::: Data shown :::
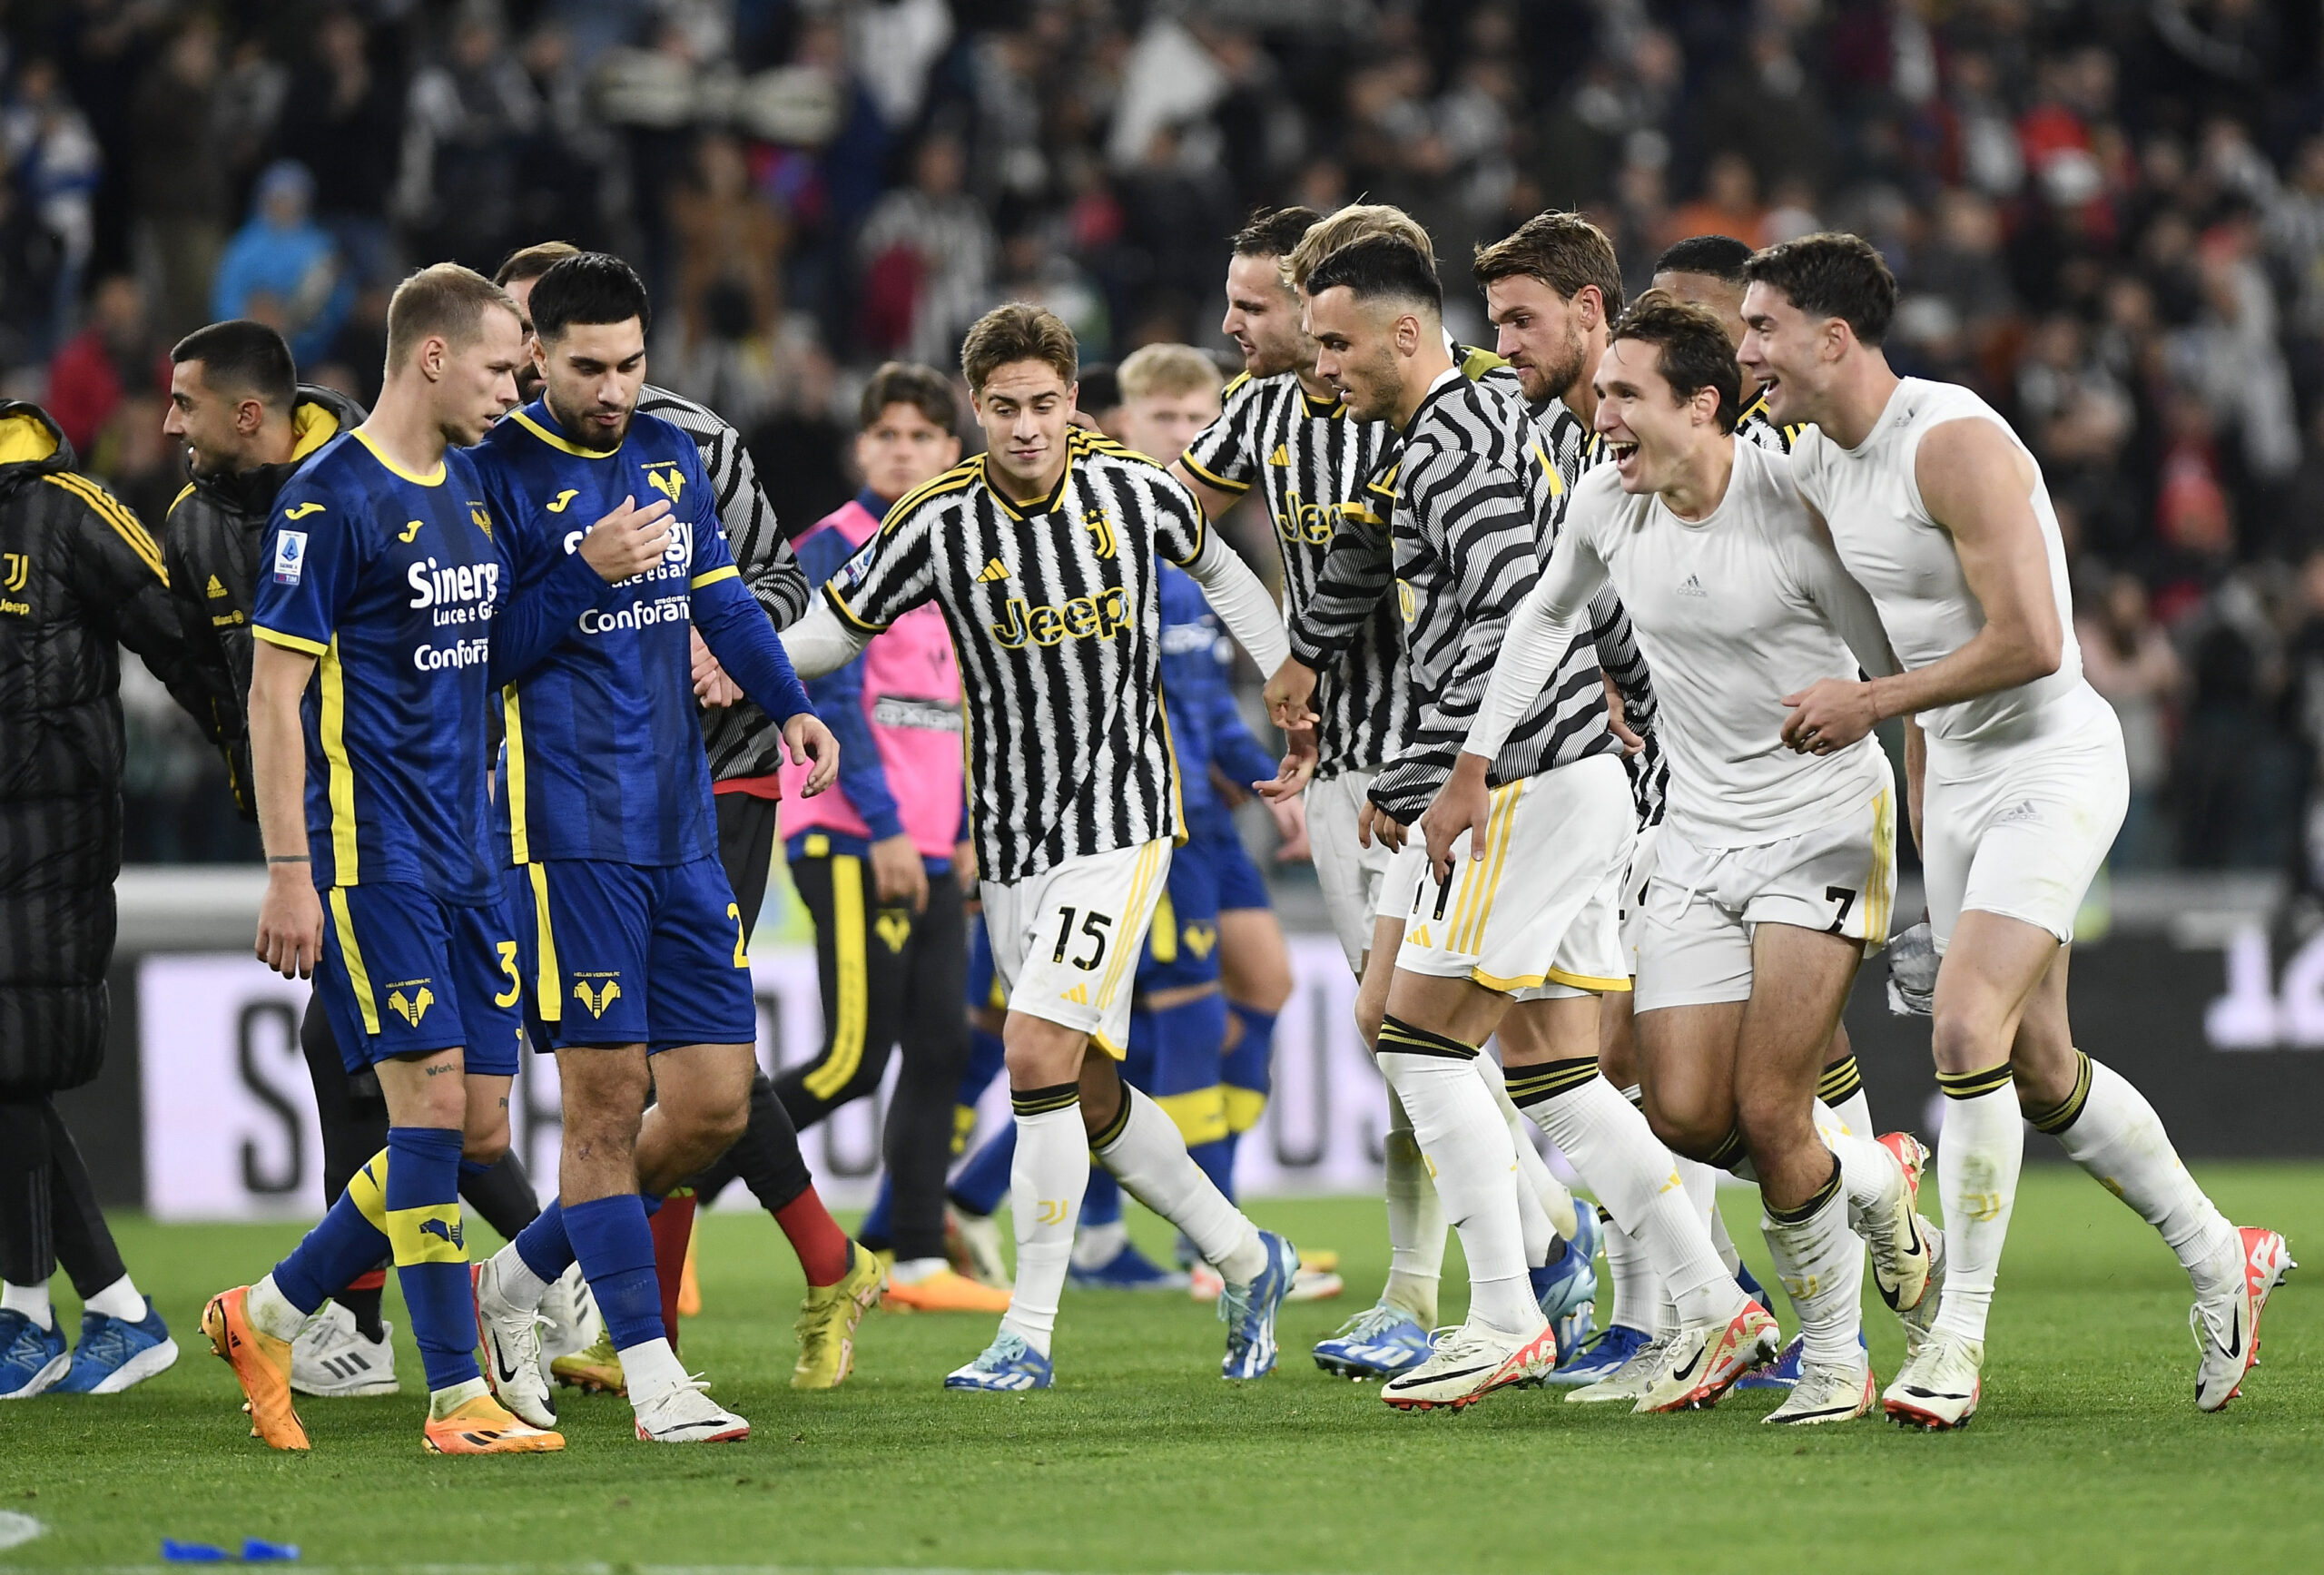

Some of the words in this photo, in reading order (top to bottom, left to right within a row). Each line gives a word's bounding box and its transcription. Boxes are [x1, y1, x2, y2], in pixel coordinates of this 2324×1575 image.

[0, 598, 30, 615] Jeep
[408, 556, 498, 608] Sinerg
[433, 607, 467, 626] Luce
[468, 606, 476, 622] e
[990, 586, 1133, 649] Jeep
[1826, 886, 1856, 932] 7
[1053, 906, 1112, 970] 15
[495, 941, 521, 1008] 3
:::
-- Required work --
Copy the records above precisely, and leave every image out of the copy.

-- Solution for this task --
Some of the words in this photo, in reading order (top to bottom, left to right within a row). Each line gives a word's bounding box and its transcription. Boxes are [x1, y1, x2, y2], in pixel coordinates of this 2324×1575 image.

[0, 598, 30, 615] Jeep
[408, 556, 498, 608] Sinerg
[433, 607, 467, 626] Luce
[468, 606, 476, 622] e
[990, 586, 1133, 649] Jeep
[1826, 886, 1856, 932] 7
[1053, 906, 1112, 970] 15
[495, 941, 521, 1008] 3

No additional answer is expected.